With the pictures removed, the data below must be transcribed in full and exactly.
□ □ □ □ □ □ □
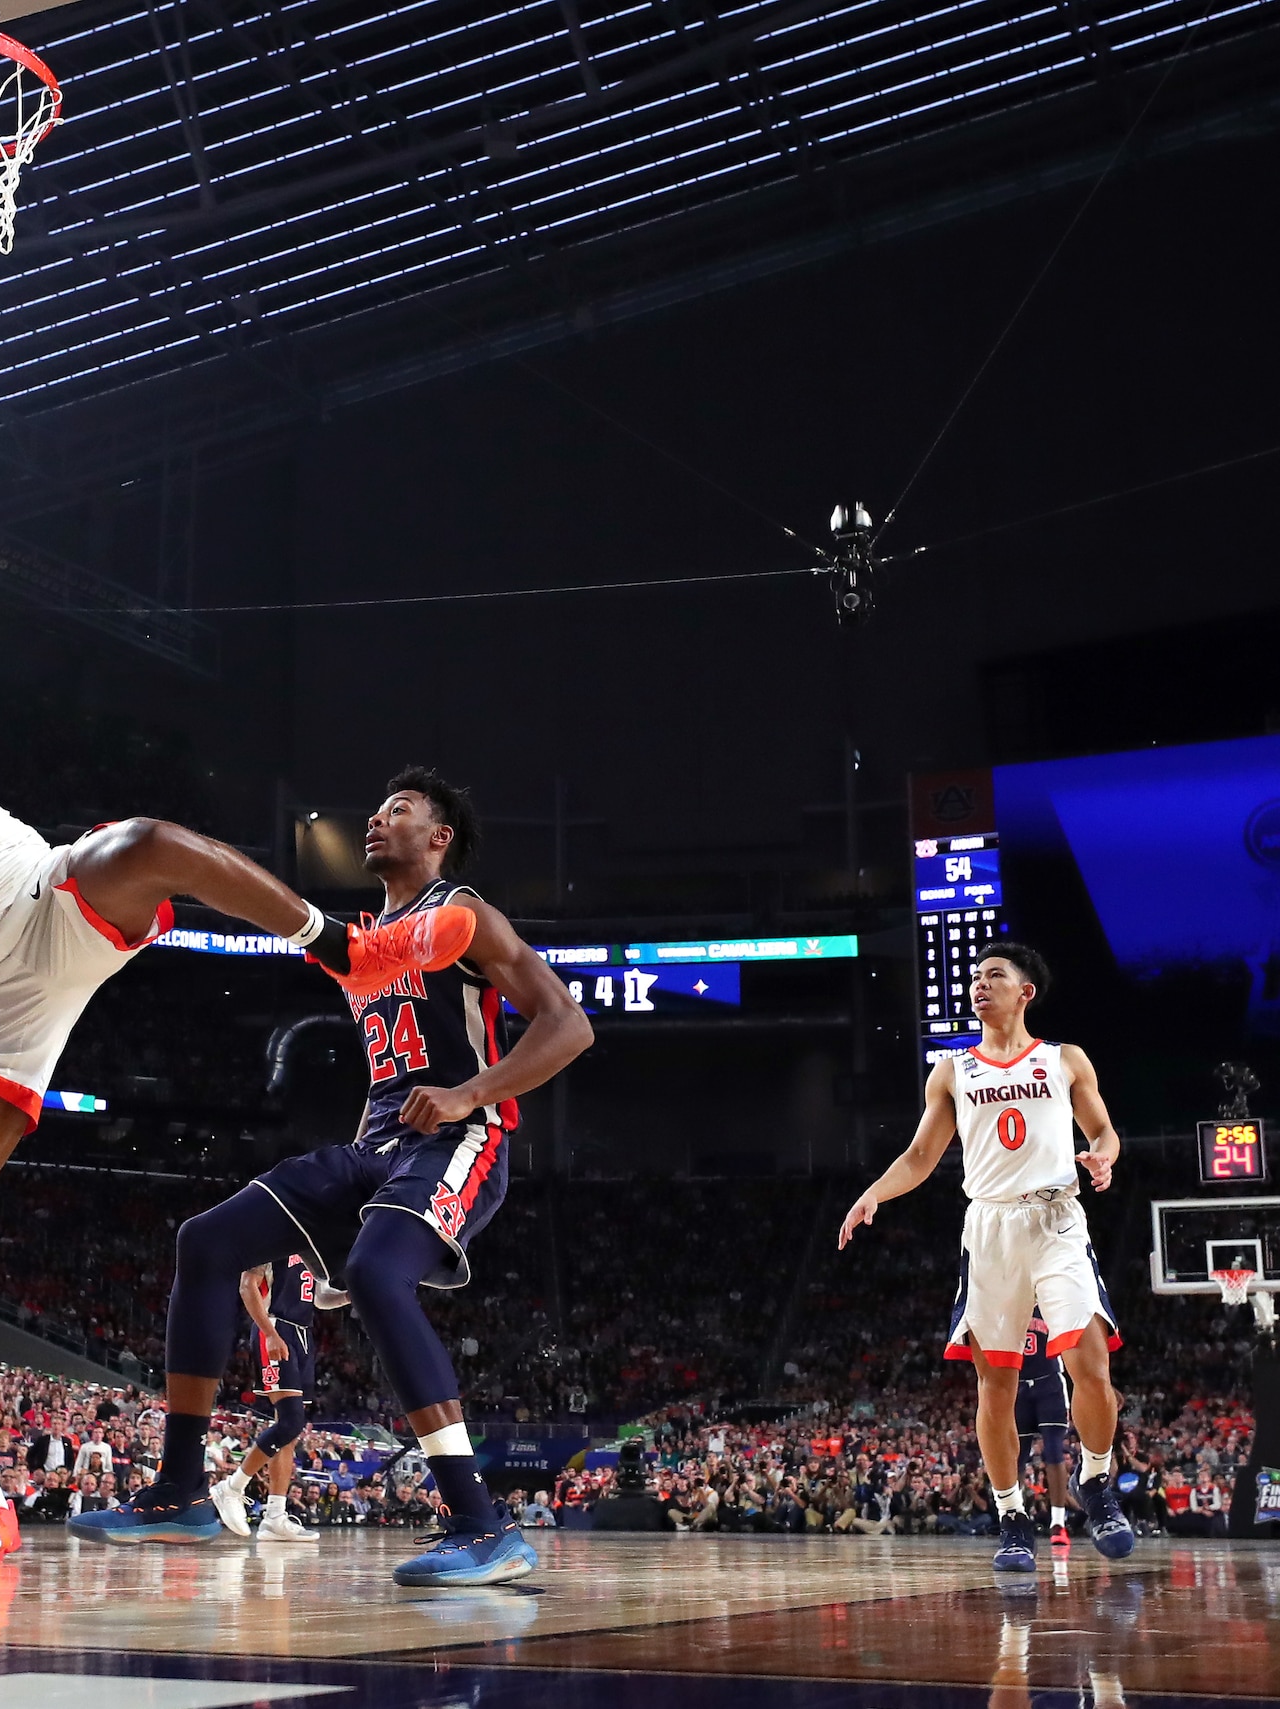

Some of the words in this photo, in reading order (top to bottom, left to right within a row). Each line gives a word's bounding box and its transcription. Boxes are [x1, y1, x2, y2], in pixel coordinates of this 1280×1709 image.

[945, 856, 972, 882] 54
[153, 929, 209, 950] ELCOME
[225, 934, 306, 955] MINNE
[927, 930, 934, 943] 1
[968, 926, 976, 939] 2
[985, 925, 993, 938] 1
[708, 941, 798, 958] CAVALIERS
[927, 949, 936, 961] 2
[952, 964, 961, 977] 5
[594, 975, 614, 1007] 4
[953, 1001, 962, 1014] 7
[363, 1000, 430, 1082] 24
[965, 1081, 1053, 1107] VIRGINIA
[997, 1106, 1027, 1152] 0
[1215, 1125, 1257, 1146] 2:56
[1212, 1144, 1255, 1177] 24
[299, 1270, 314, 1303] 2
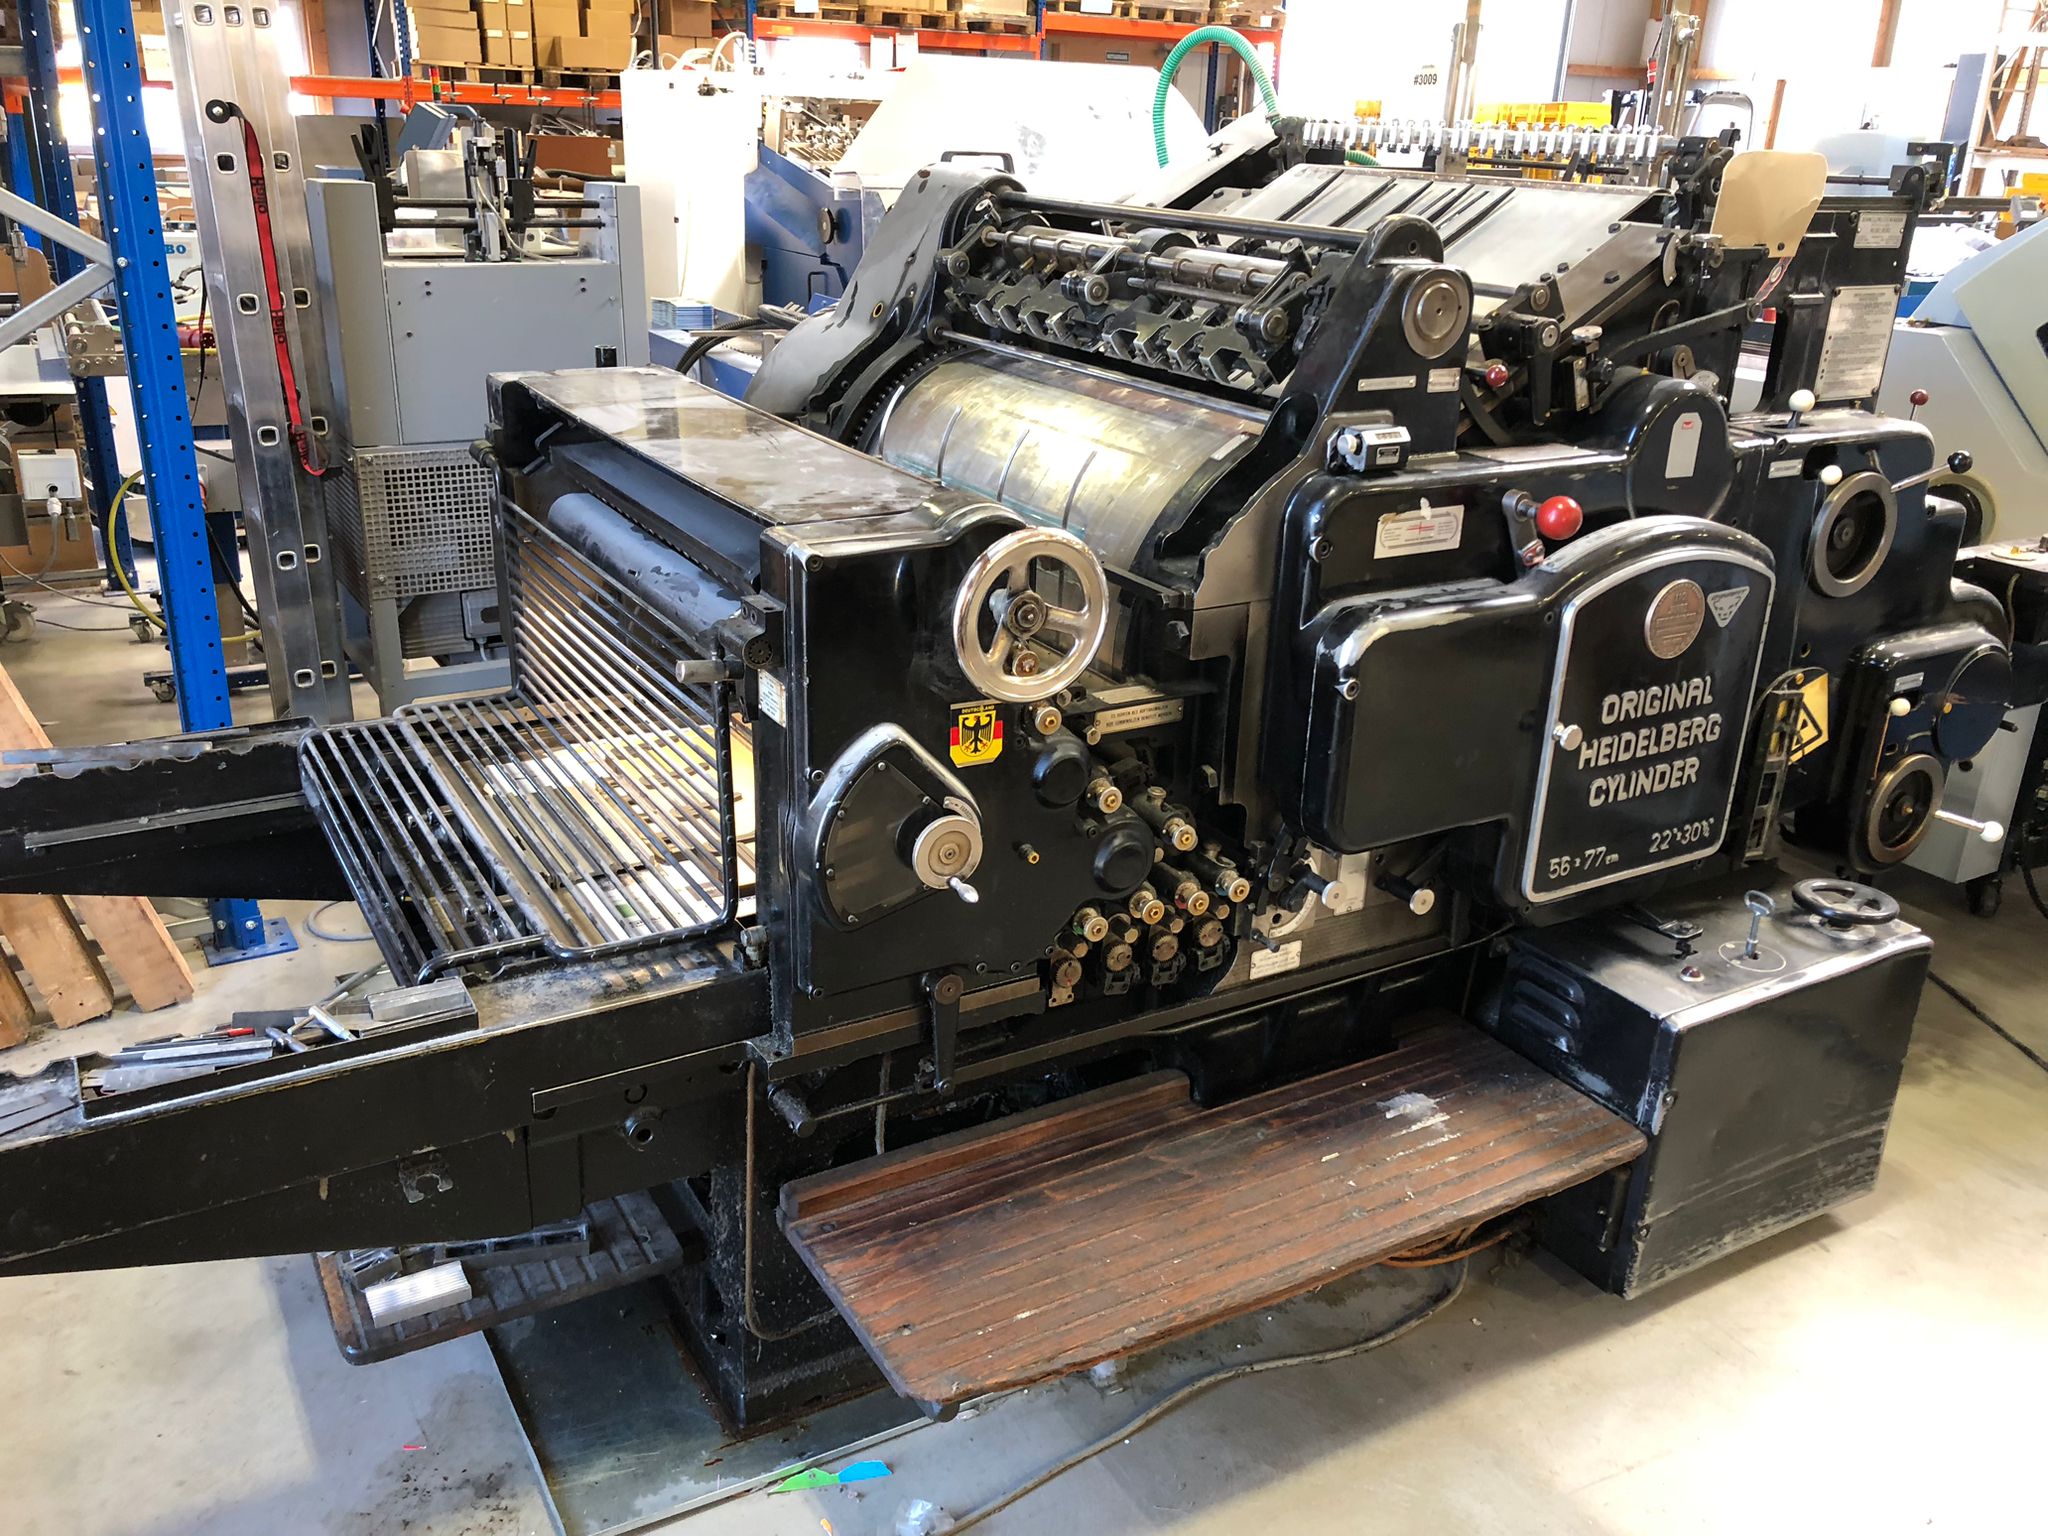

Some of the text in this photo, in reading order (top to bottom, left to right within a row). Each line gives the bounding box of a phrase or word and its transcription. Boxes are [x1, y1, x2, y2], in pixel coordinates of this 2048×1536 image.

[1413, 73, 1437, 86] #3009
[961, 705, 995, 714] DEUTSCLAND
[1601, 675, 1713, 725] ORIGINAL
[1578, 713, 1722, 770] HEIDELBERG
[1588, 756, 1700, 807] CYLINDER
[1548, 855, 1571, 879] 56
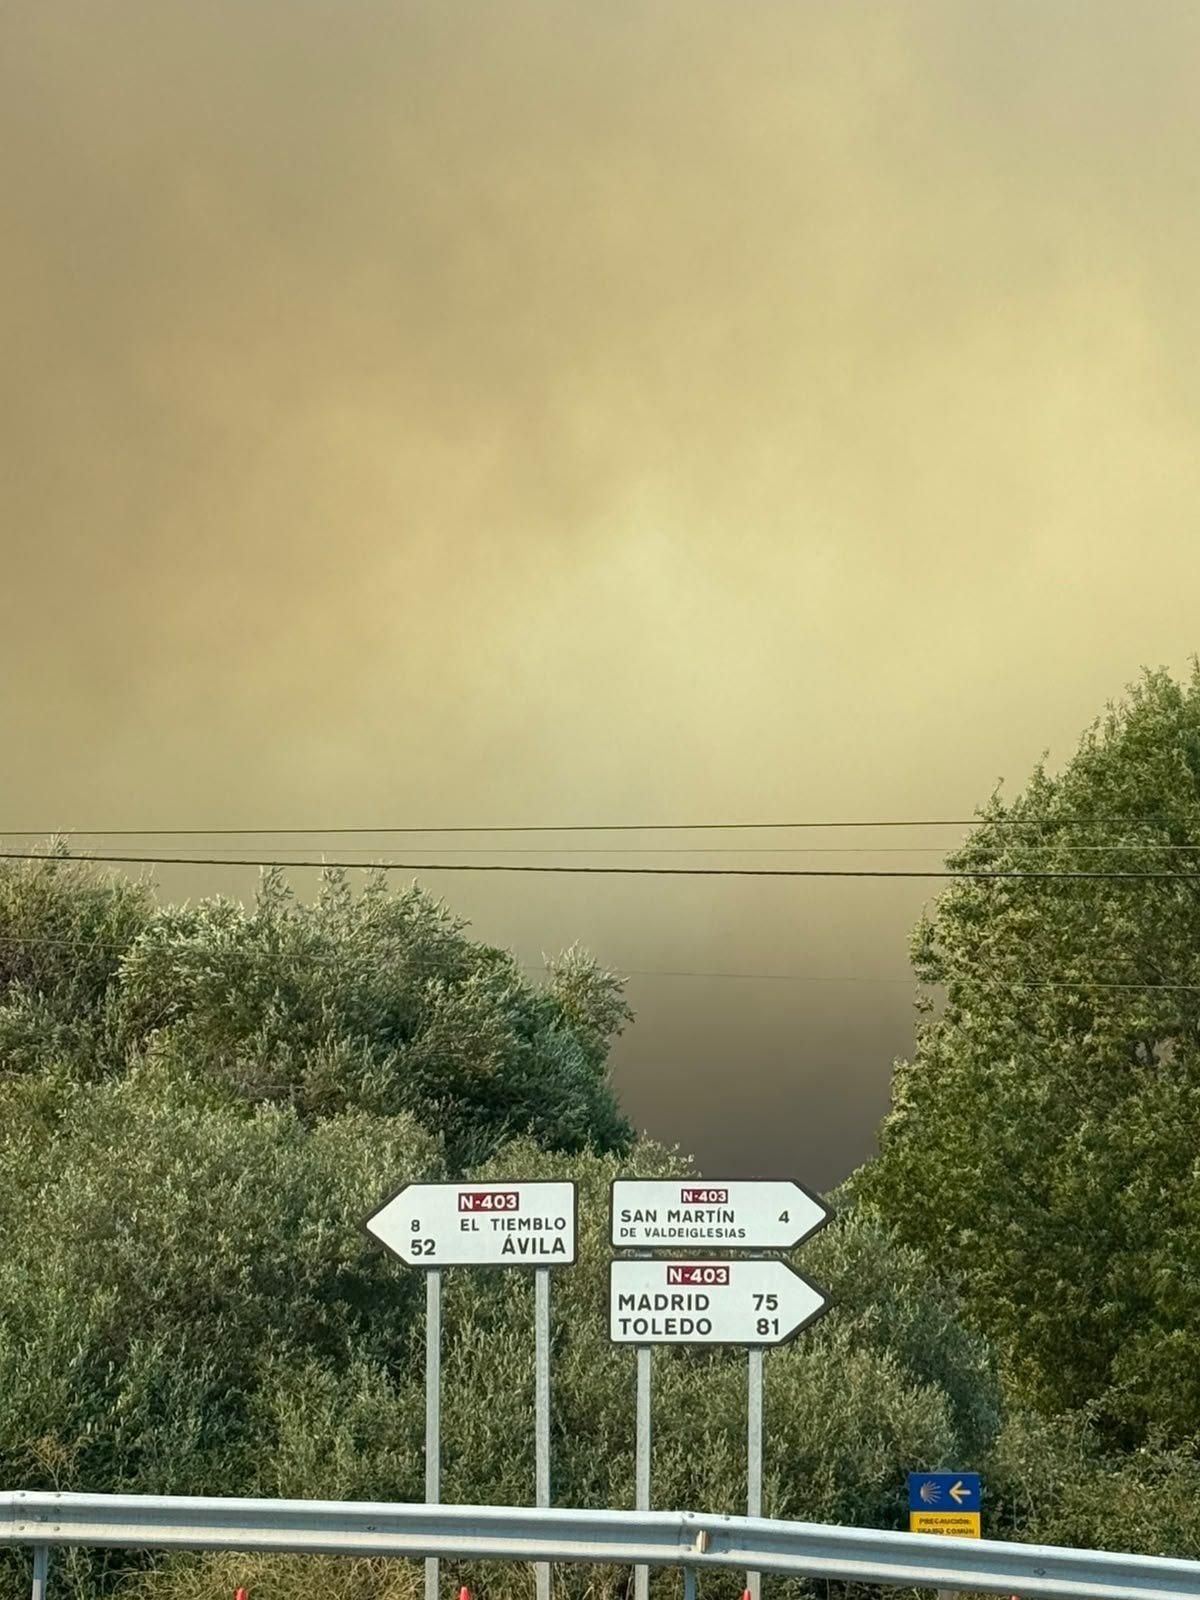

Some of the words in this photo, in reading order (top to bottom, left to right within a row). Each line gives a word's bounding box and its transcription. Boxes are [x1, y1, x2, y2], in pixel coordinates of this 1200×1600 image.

[460, 1194, 517, 1210] N-403
[682, 1191, 727, 1202] N-403
[620, 1209, 657, 1223] SAN
[667, 1207, 735, 1223] MARTÍN
[778, 1210, 790, 1224] 4
[410, 1219, 421, 1232] 8
[460, 1218, 480, 1231] EL
[490, 1217, 566, 1231] TIEMBLO
[620, 1227, 637, 1238] DE
[644, 1227, 746, 1238] VALDEIGLESIAS
[410, 1239, 436, 1256] 52
[501, 1234, 566, 1255] ÁVILA
[669, 1268, 728, 1283] N-403
[618, 1294, 710, 1311] MADRID
[752, 1294, 779, 1311] 75
[618, 1318, 712, 1335] TOLEDO
[756, 1318, 780, 1335] 81
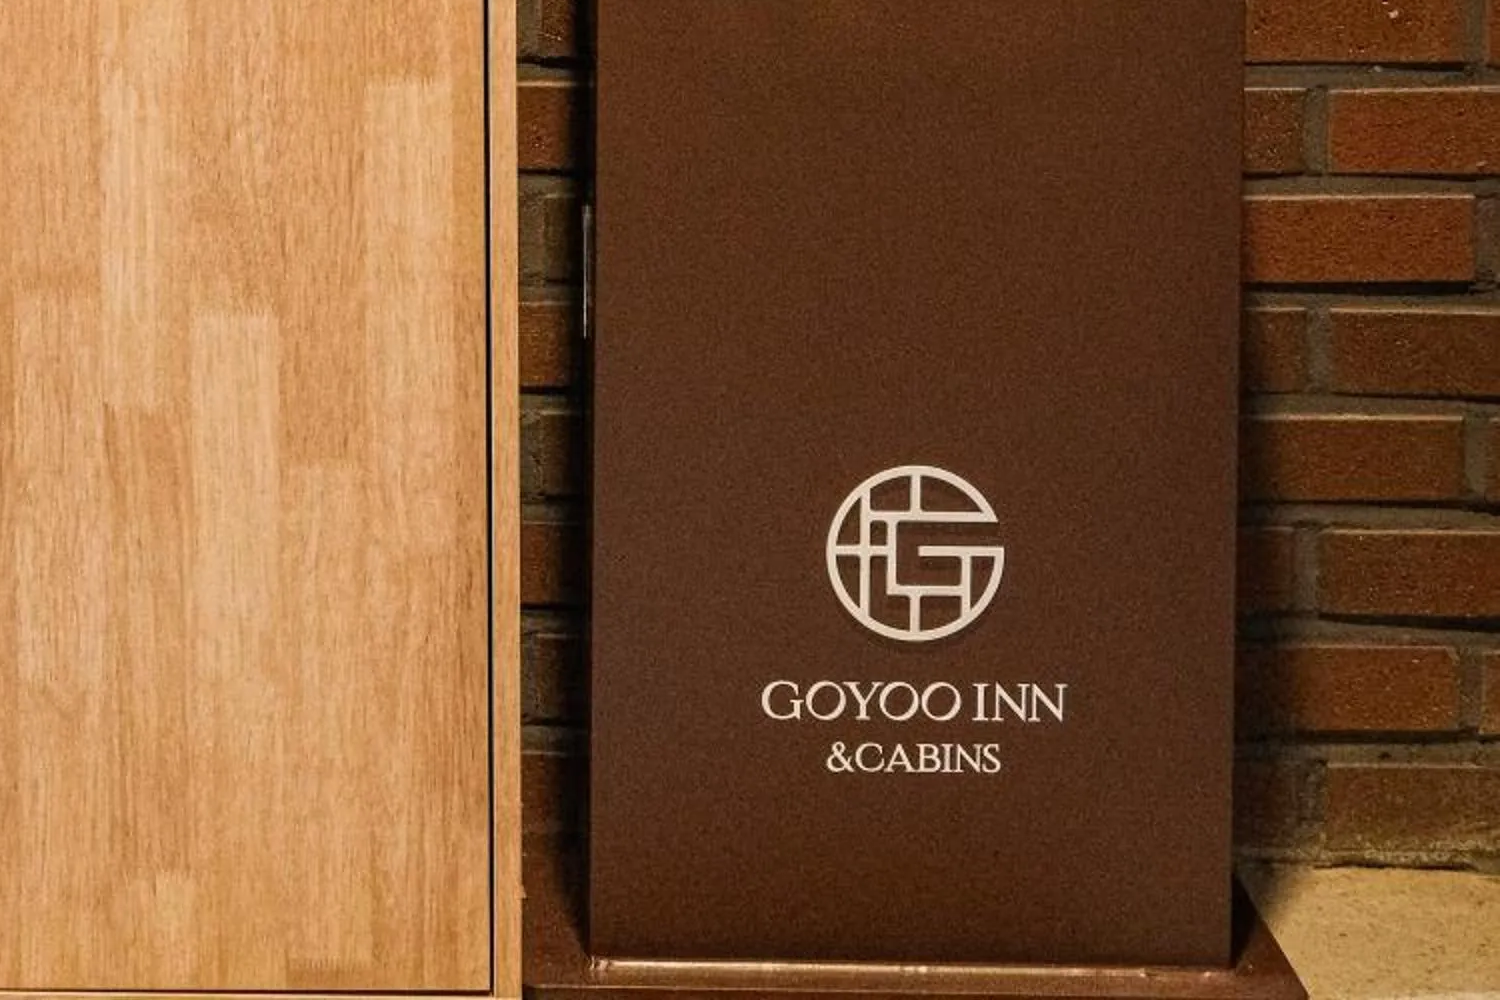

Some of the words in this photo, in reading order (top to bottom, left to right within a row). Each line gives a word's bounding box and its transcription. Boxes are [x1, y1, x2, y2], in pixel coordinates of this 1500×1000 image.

[761, 679, 962, 722] GOYOO
[971, 682, 1068, 723] INN
[826, 741, 1002, 774] &CABINS
□ □ □ □ □ □ □
* Written response
Some of the words in this photo, in reading order (top to bottom, left to right within a row). Each line gives a word's bounding box and its transcription. Boxes are [x1, y1, x2, y2], in pixel coordinates of this 1280×1709 image.

[945, 856, 972, 882] 54
[153, 929, 209, 950] ELCOME
[225, 934, 306, 955] MINNE
[927, 930, 934, 943] 1
[968, 926, 976, 939] 2
[985, 925, 993, 938] 1
[708, 941, 798, 958] CAVALIERS
[927, 949, 936, 961] 2
[952, 964, 961, 977] 5
[594, 975, 614, 1007] 4
[953, 1001, 962, 1014] 7
[363, 1000, 430, 1082] 24
[965, 1081, 1053, 1107] VIRGINIA
[997, 1106, 1027, 1152] 0
[1215, 1125, 1257, 1146] 2:56
[1212, 1144, 1255, 1177] 24
[299, 1270, 314, 1303] 2

Some of the text in this photo, in reading order (top to bottom, left to right within a row). Each line gives the bounding box of a phrase or word and its transcription. Boxes are [x1, y1, x2, y2], in pixel coordinates of this 2048×1536 image.

[1413, 73, 1437, 86] #3009
[961, 705, 995, 714] DEUTSCLAND
[1601, 675, 1713, 725] ORIGINAL
[1578, 713, 1722, 770] HEIDELBERG
[1588, 756, 1700, 807] CYLINDER
[1548, 855, 1571, 879] 56

Some of the words in this photo, in reading order (top to bottom, left to right within a row). Each line gives a word's bounding box and its transcription. Boxes are [x1, y1, x2, y2], in pixel coordinates of this 1200×1600 image.

[460, 1194, 517, 1210] N-403
[682, 1191, 727, 1202] N-403
[620, 1209, 657, 1223] SAN
[667, 1207, 735, 1223] MARTÍN
[778, 1210, 790, 1224] 4
[410, 1219, 421, 1232] 8
[460, 1218, 480, 1231] EL
[490, 1217, 566, 1231] TIEMBLO
[620, 1227, 637, 1238] DE
[644, 1227, 746, 1238] VALDEIGLESIAS
[410, 1239, 436, 1256] 52
[501, 1234, 566, 1255] ÁVILA
[669, 1268, 728, 1283] N-403
[618, 1294, 710, 1311] MADRID
[752, 1294, 779, 1311] 75
[618, 1318, 712, 1335] TOLEDO
[756, 1318, 780, 1335] 81

Some of the words in this photo, in reading order (top to bottom, left to right within a row). Each line gives a word's bounding box and its transcription. Boxes are [x1, y1, x2, y2], in pixel coordinates of this 1500×1000 image.

[761, 679, 962, 722] GOYOO
[971, 682, 1068, 723] INN
[826, 741, 1002, 774] &CABINS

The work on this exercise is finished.